Er nahm seinen Wasserschlauch vom Gürtel und legte ihn Kharek hin, dann ging er zu einer der Truhen im rückwärtigen Teil der Höhlen, in denen sich auch Proviant befand, meist Elbenbrot, also Lembas, aber auch Streifen von getrocknetem Fleisch und Dörrobst, durch altes Wissen auf lange Zeit haltbar gemacht. Auch davon brachte er etwas zu Khareks Lager. Der Uruk beobachtete ihn interessiert und sagte nichts. Er schnupperte an den Sachen, welche Rûmil ihm hinlegte, aber er schwieg.
Ein letzter Blick, dann wollte Rûmil die Höhle verlassen. Ein letztes leises Knurren ließ ihn innehalten. Dieses Mal verstand er das Wort sofort, auch wenn es sich anhörte, als wäre es noch nicht oft über diese Lippen gekommen.
„Danke…" klang Khareks Stimme hinter ihm. Mit einem leisen Lächeln auf den Lippen trat Rûmil den Rückweg zum Dorf an.
***
Kharek schloss die Augen und atmete tief ein und aus. Ein seltsames Gefühl hatte sich seiner bemächtigt und hätte er ein Wort dafür gehabt, so hätte er es als friedlich oder harmonisch bezeichnet. Ihm war warm, seine Wunden schmerzten kaum, außer jener in seiner Seite, die immer noch unangenehm brannte. Er hatte Wasser und Nahrung, ein Dach gegen Regen und Wind und er hatte anscheinend etwas gefunden, was ihn weiter bringen konnte auf seiner Suche.

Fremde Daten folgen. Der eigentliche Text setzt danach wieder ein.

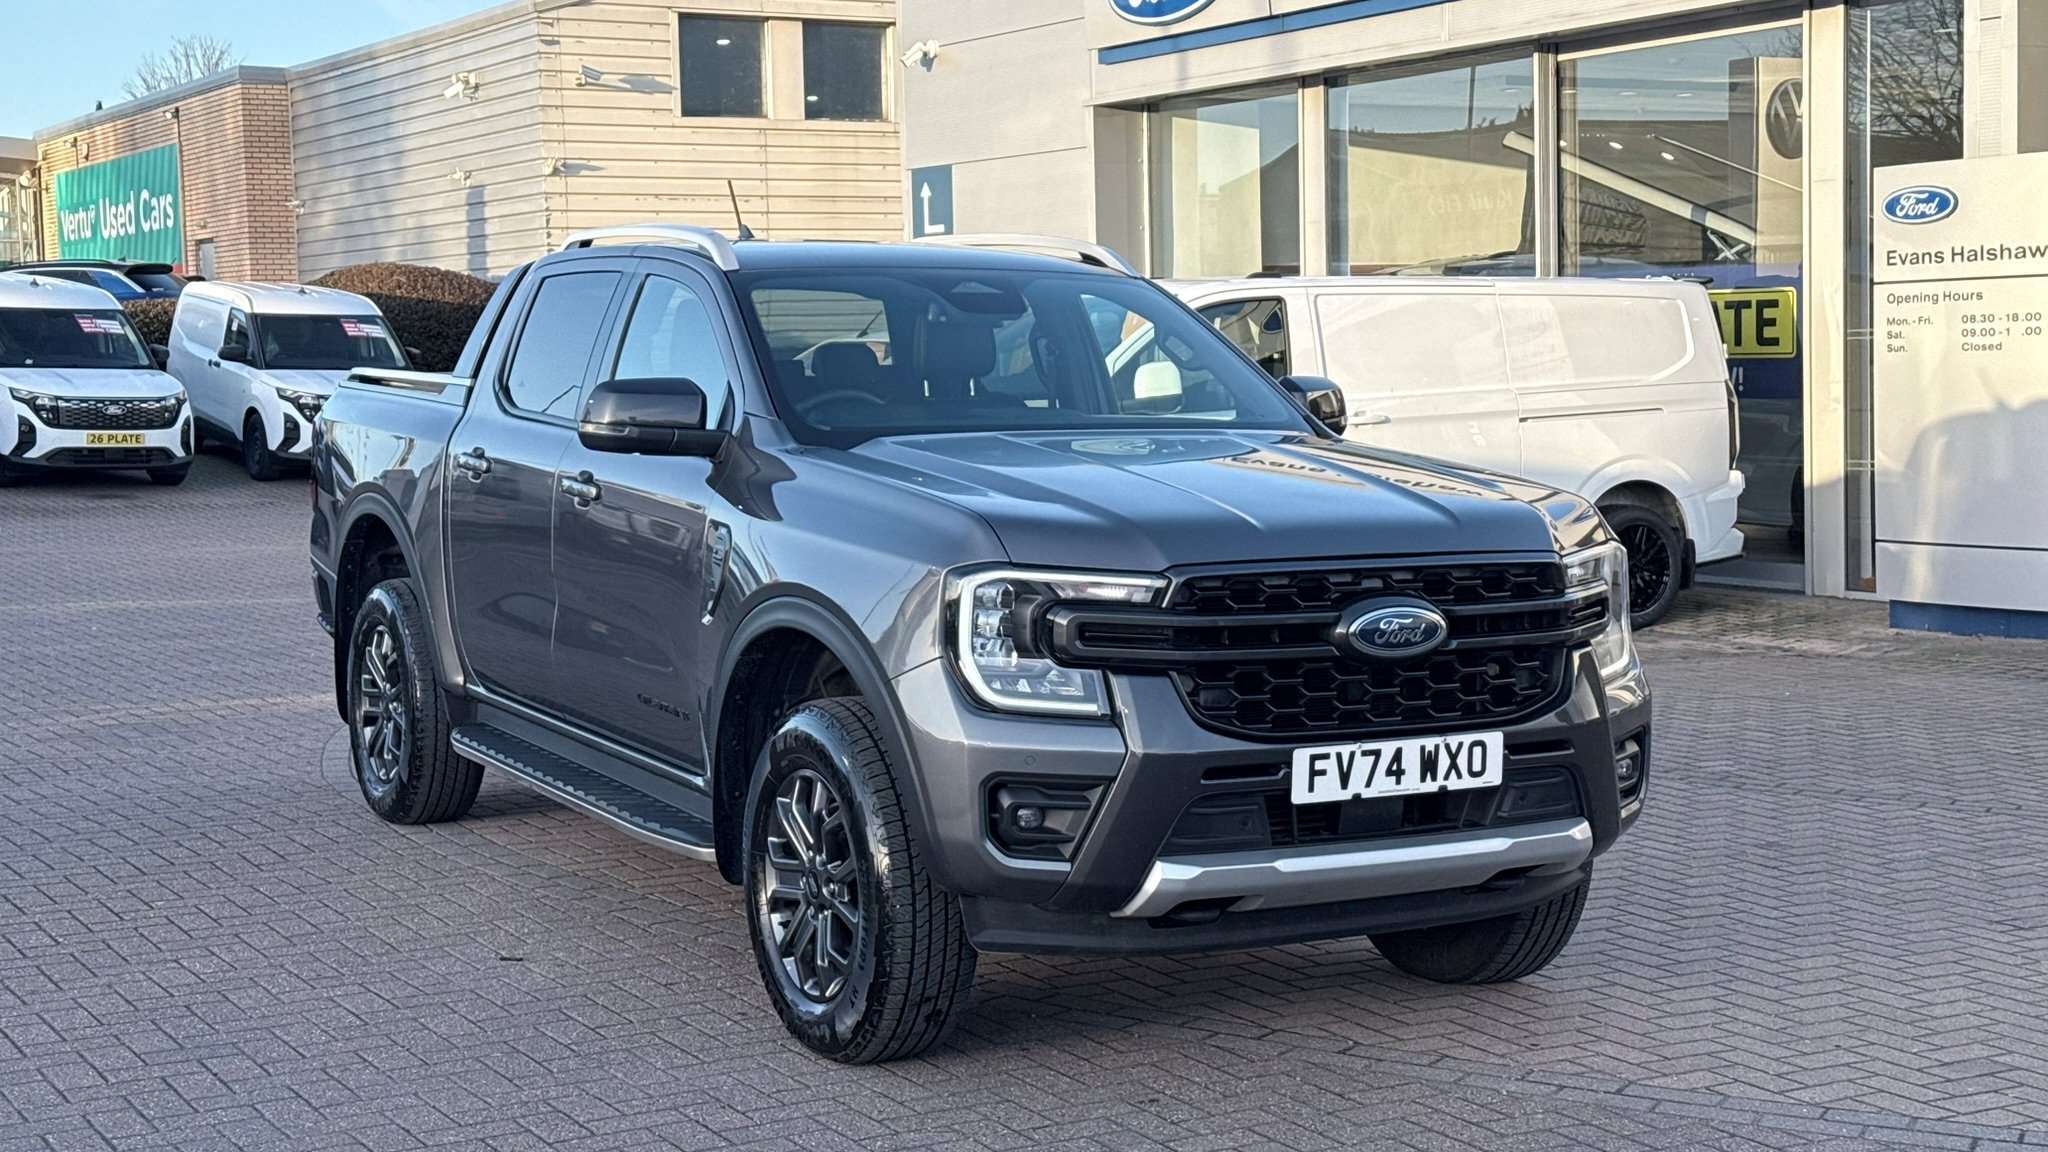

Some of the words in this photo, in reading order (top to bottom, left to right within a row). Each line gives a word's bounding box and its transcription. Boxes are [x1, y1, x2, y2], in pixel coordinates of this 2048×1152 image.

[60, 206, 92, 242] Vertu
[99, 190, 136, 240] Used
[139, 189, 174, 232] Cars
[1895, 192, 1940, 217] Ford
[1886, 249, 1945, 266] Evans
[1951, 243, 2048, 263] Halshaw
[1886, 292, 1939, 306] Opening
[1943, 290, 1984, 302] Hours
[1886, 343, 1908, 353] Sun.
[1961, 341, 2002, 352] Closed
[90, 433, 104, 444] 26
[107, 433, 141, 444] PLATE
[1374, 617, 1426, 644] Ford
[1307, 746, 1406, 793] FV74
[1419, 739, 1487, 783] WXO
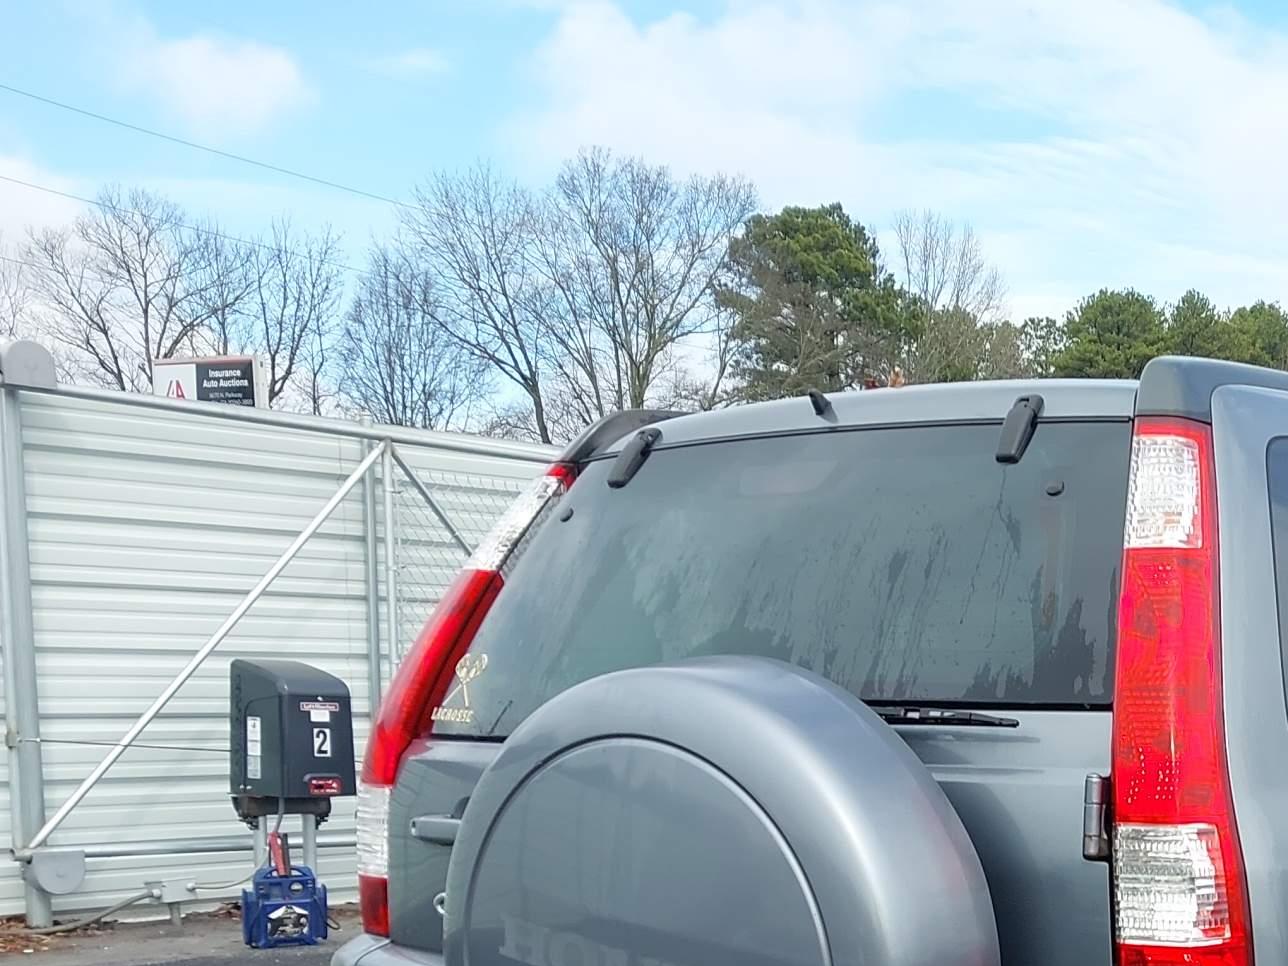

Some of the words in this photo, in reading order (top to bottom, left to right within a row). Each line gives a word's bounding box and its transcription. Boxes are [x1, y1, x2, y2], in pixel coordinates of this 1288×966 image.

[209, 369, 241, 377] Insurance
[203, 379, 218, 388] Auto
[219, 378, 248, 387] Auctions
[316, 730, 328, 754] 2
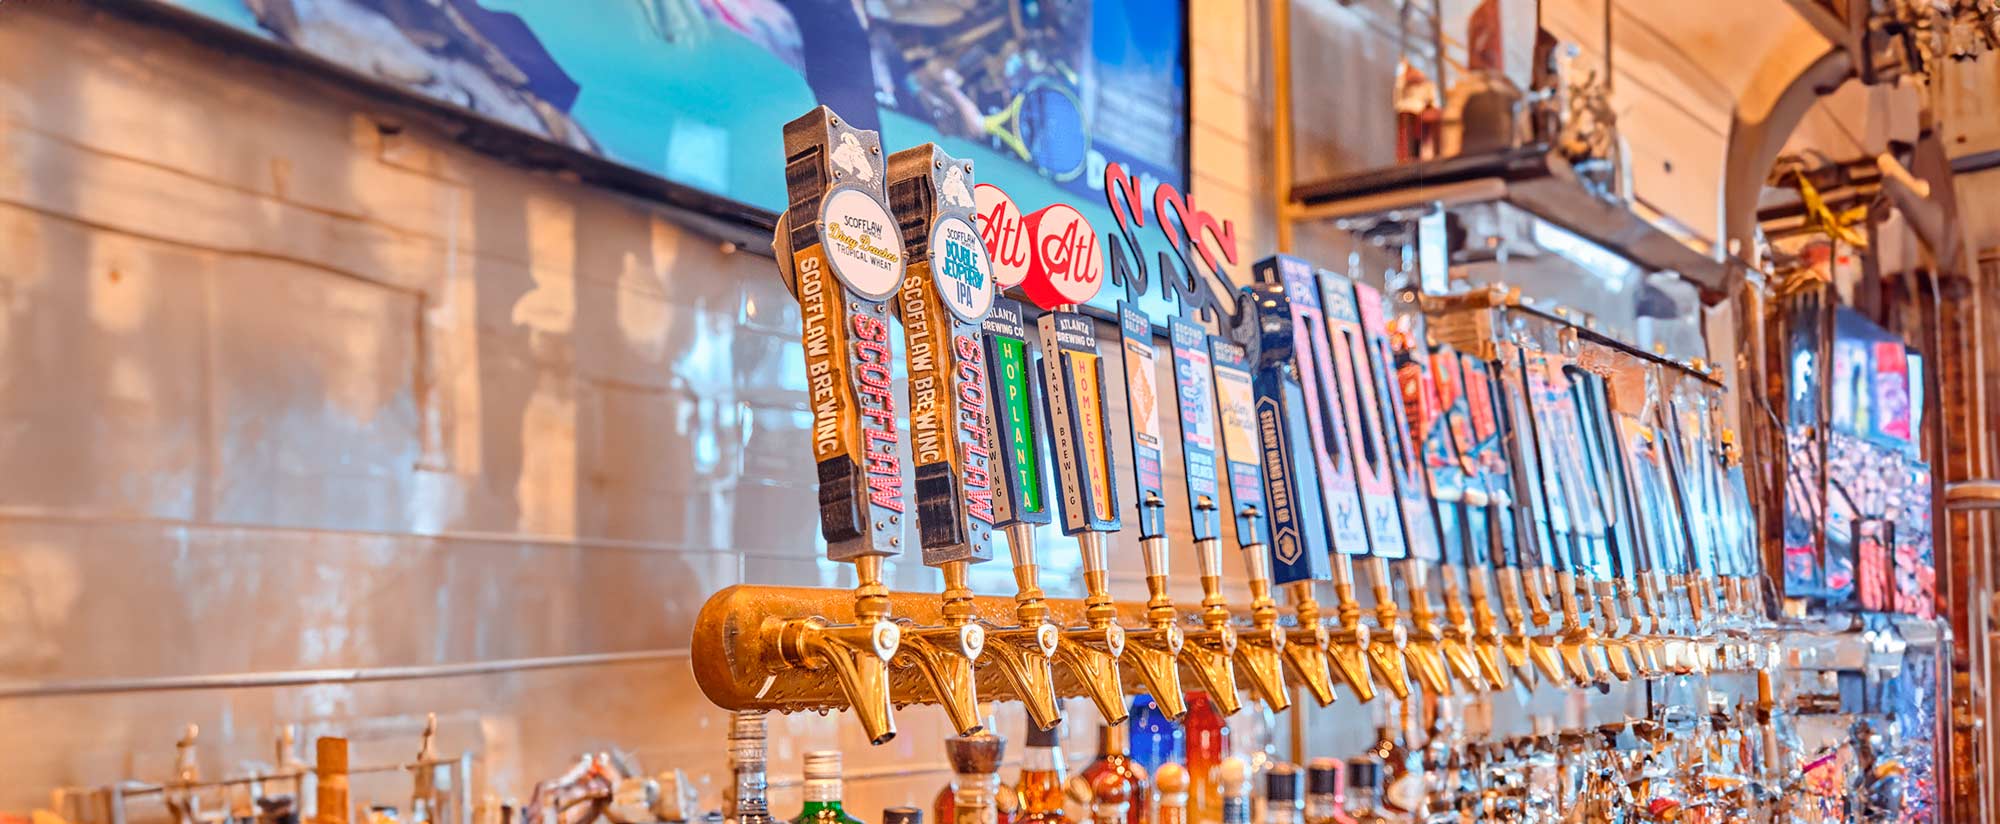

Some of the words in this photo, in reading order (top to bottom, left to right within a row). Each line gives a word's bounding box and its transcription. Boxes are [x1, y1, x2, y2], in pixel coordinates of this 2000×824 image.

[837, 242, 868, 263] TROPICAL
[870, 255, 892, 271] WHEAT
[844, 215, 883, 233] SCOFFLAW
[945, 228, 976, 244] SCOFFLAW
[945, 239, 978, 268] DOUBLE
[977, 201, 1026, 268] Atl
[1041, 218, 1098, 284] Atl
[800, 256, 829, 357] SCOFFLAW
[942, 257, 984, 290] JEOPARDY
[956, 281, 973, 308] IPA
[904, 275, 934, 372] SCOFFLAW
[982, 321, 1013, 336] BREWING
[1013, 327, 1023, 338] CO
[986, 307, 1017, 325] ATLANTA
[1056, 331, 1085, 347] BREWING
[1085, 337, 1095, 348] CO
[1060, 319, 1090, 336] ATLANTA
[810, 360, 838, 456] BREWING
[853, 313, 905, 514] SCOFFLAW
[914, 378, 940, 465] BREWING
[957, 335, 995, 526] SCOFFLAW
[1003, 342, 1032, 508] HOPLANTA
[1046, 338, 1062, 416] ATLANTA
[1059, 427, 1075, 506] BREWING
[1078, 359, 1105, 517] HOMESTAND
[985, 415, 1002, 498] BREWING
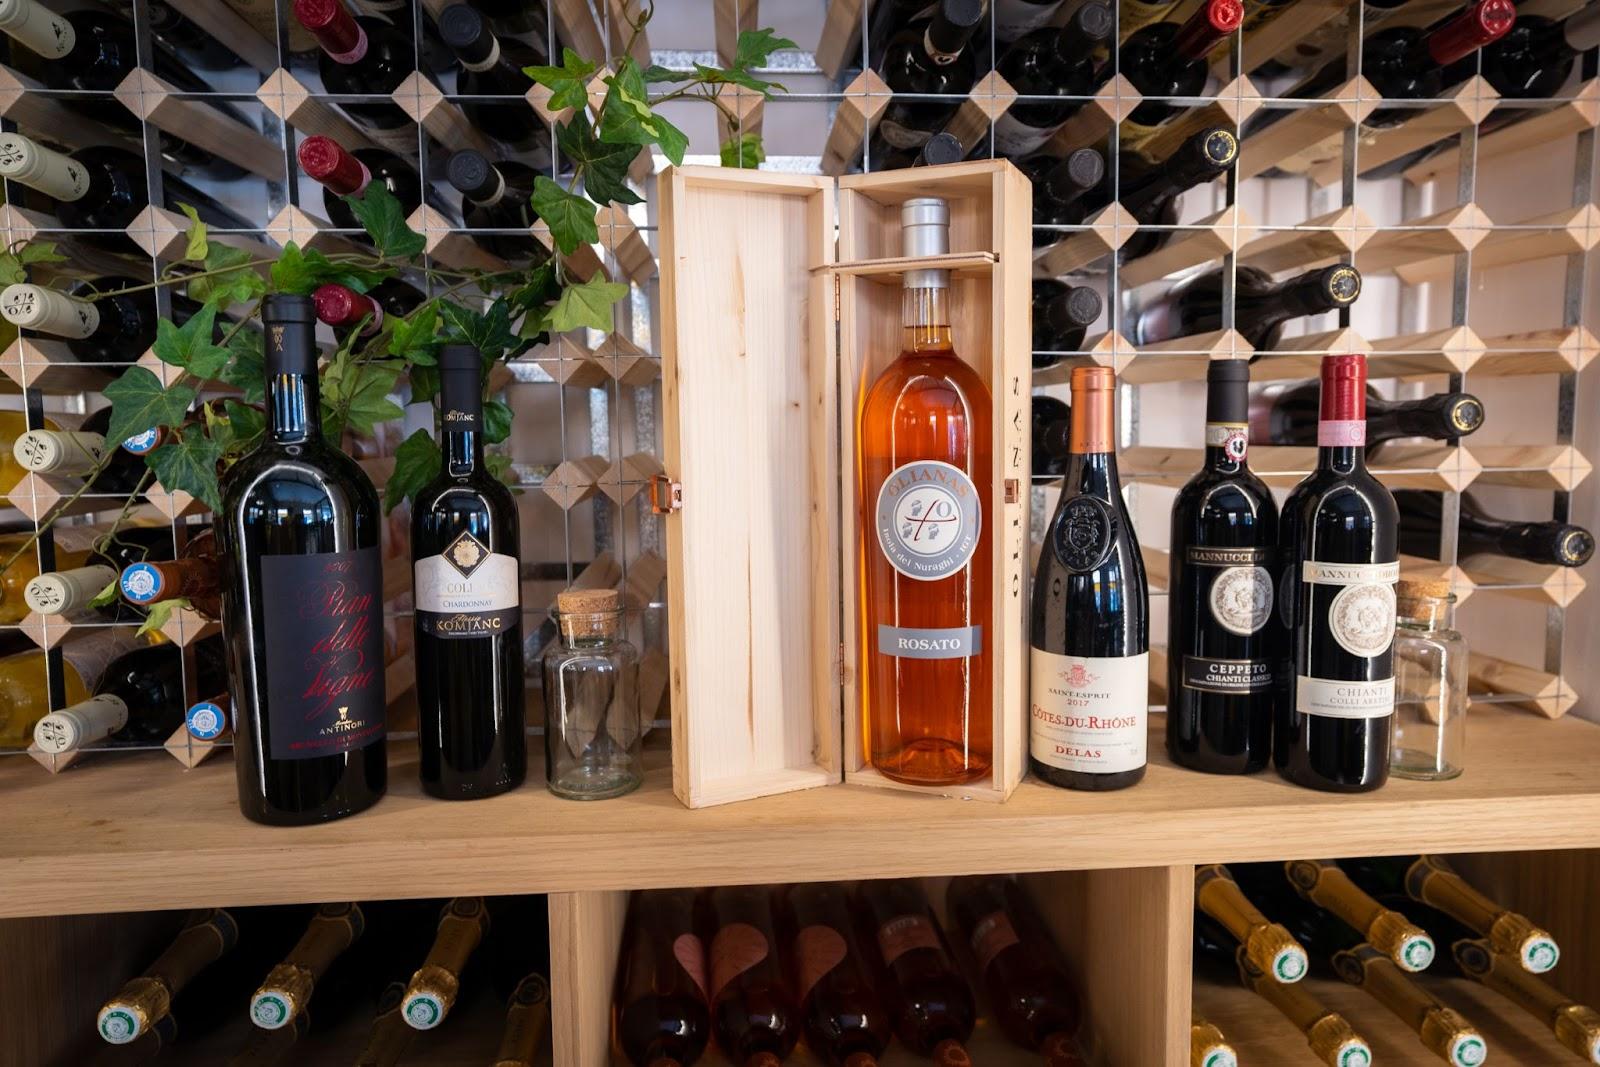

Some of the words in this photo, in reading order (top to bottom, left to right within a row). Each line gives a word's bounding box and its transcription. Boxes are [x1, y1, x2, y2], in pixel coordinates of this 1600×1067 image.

[888, 467, 969, 497] OLIANAS
[897, 552, 911, 566] dei
[914, 556, 954, 571] Nuraghi
[442, 600, 492, 608] CHARDONNAY
[436, 617, 501, 631] KOMJANC
[898, 638, 961, 650] ROSATO
[1209, 663, 1267, 675] CEPPETO
[1206, 674, 1242, 683] CHIANTI
[1067, 699, 1089, 707] 2017
[319, 720, 365, 735] ANTINORI
[1055, 745, 1102, 758] DELAS
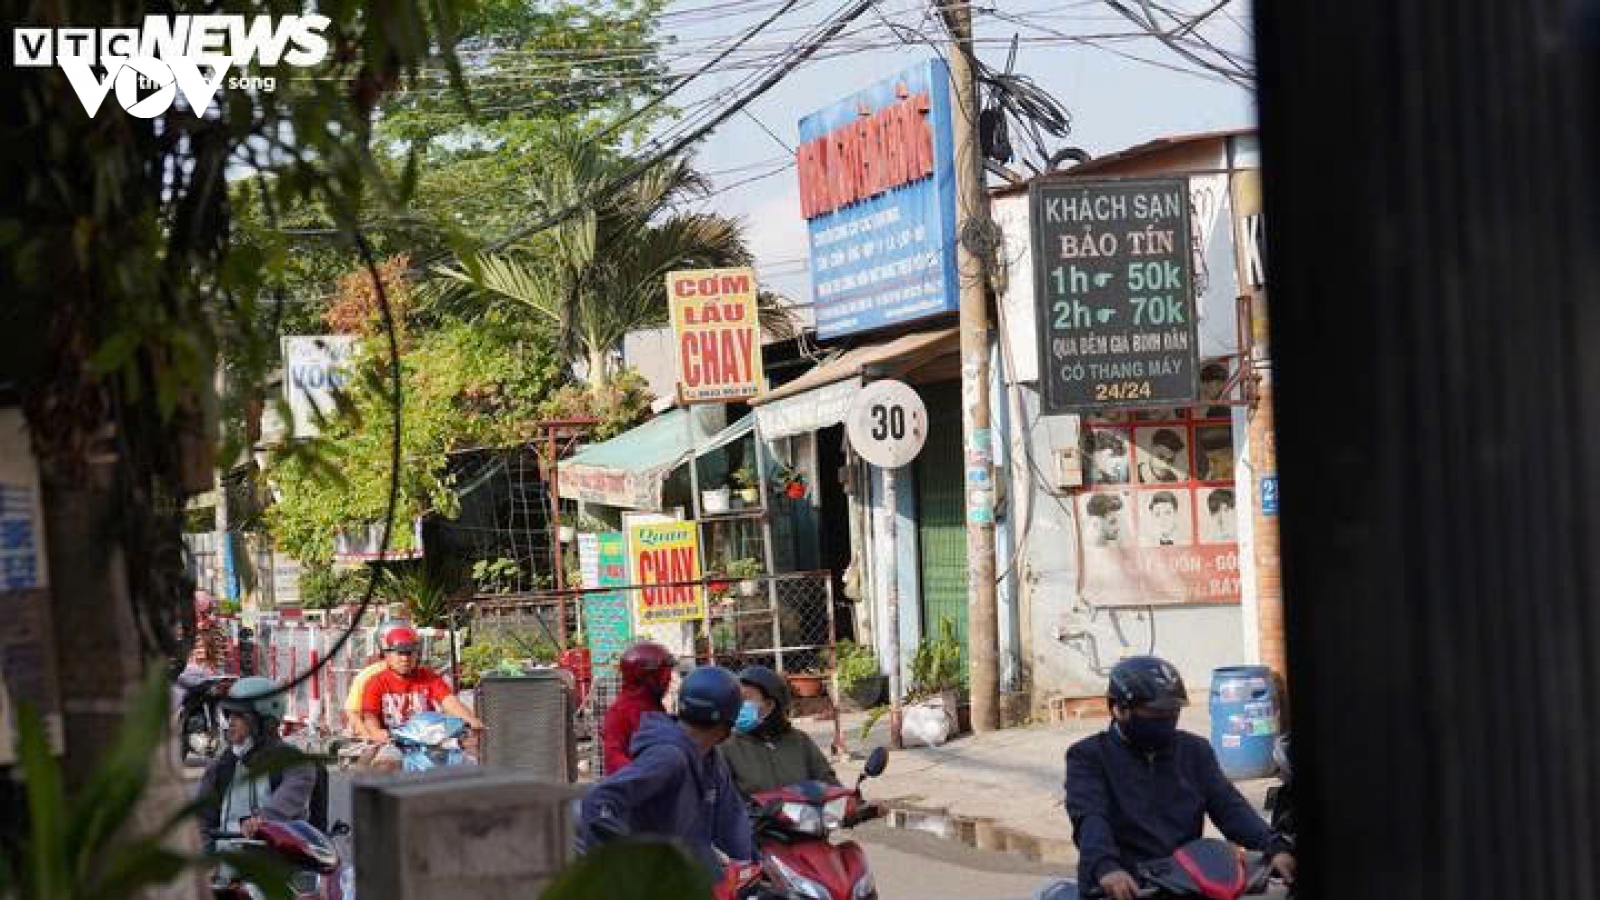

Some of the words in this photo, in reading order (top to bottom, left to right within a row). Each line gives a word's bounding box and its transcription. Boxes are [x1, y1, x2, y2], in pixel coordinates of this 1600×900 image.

[1046, 190, 1127, 221] KHÁCH
[1133, 193, 1180, 223] SẠN
[1060, 225, 1117, 258] BẢO
[1127, 225, 1174, 254] TÍN
[675, 274, 749, 296] CƠM
[1052, 264, 1088, 294] 1h
[1128, 261, 1181, 290] 50k
[1053, 300, 1091, 329] 2h
[1129, 295, 1184, 325] 70k
[681, 328, 752, 387] CHAY
[1053, 338, 1078, 359] QUA
[1060, 361, 1085, 381] CÓ
[1090, 361, 1143, 379] THANG
[1149, 357, 1182, 375] MÁY
[1095, 382, 1151, 400] 24/24
[872, 404, 905, 441] 30
[640, 547, 694, 607] CHAY

Seine Gedanken wanderten zurück zu den Tagen in denen er seinen Entschluss gefasst hatte, zuerst noch nur ein Einfall, erschreckend fast und so widersprüchlich zu seiner Natur, aber mit der Zeit immer klarere Formen annehmend.
Dann der Tag, an welchem er sein Vorhaben in die Tat umgesetzt hatte, nicht ohne Probleme, nein ganz und gar nicht.
Seine Pranke legte sich auf die Flanke, in welcher der Schmerz pochte. Doch er hatte überlebt, er war entkommen, wild entschlossen etwas zu finden, was er in sich hoffte.
Er hatte die Geschichte so oft gehört, zuerst hatte er sie nicht verstanden und dann hatte sich dieser Gedanke in seinem Kopf festgesetzt. Allerdings begann er bereits zu zweifeln, nun, da er sie gesehen hatte, die beiden andere Hälften, edel, schön und stolz waren sie, nicht zu vergleichen mit den dunklen Schatten seiner Brut.
Und doch, in jedem Uruk-hai schlummerten auch Teile von Menschen und Elben, so hatten sie es ihm doch erzählt. Seine Finger hoben sich zu seinem Kopf, fuhren sanft die Umrisse des empfindlichen Ohres nach. Etwas derart filigranes und schön anmutendes passte nicht zu ihm hatte er manches Mal gedacht, wenn er sein Bild im klaren Wasser eines Tümpels betrachtete. Und doch war es ein Teil von ihm.
Kharek wollte es wissen, es ließ ihm keine Ruhe. Konnte er sein Dasein verändern? Seine Schritte auf neue Pfade lenken, einen neuen Weg gehen, ohne Krieg, ohne sinnloses Morden? Konnte er die anderen Seiten in sich wecken? Er wünschte es sich und er hoffte, dass der Elb…Rûmil…ihm dabei helfen konnte und würde.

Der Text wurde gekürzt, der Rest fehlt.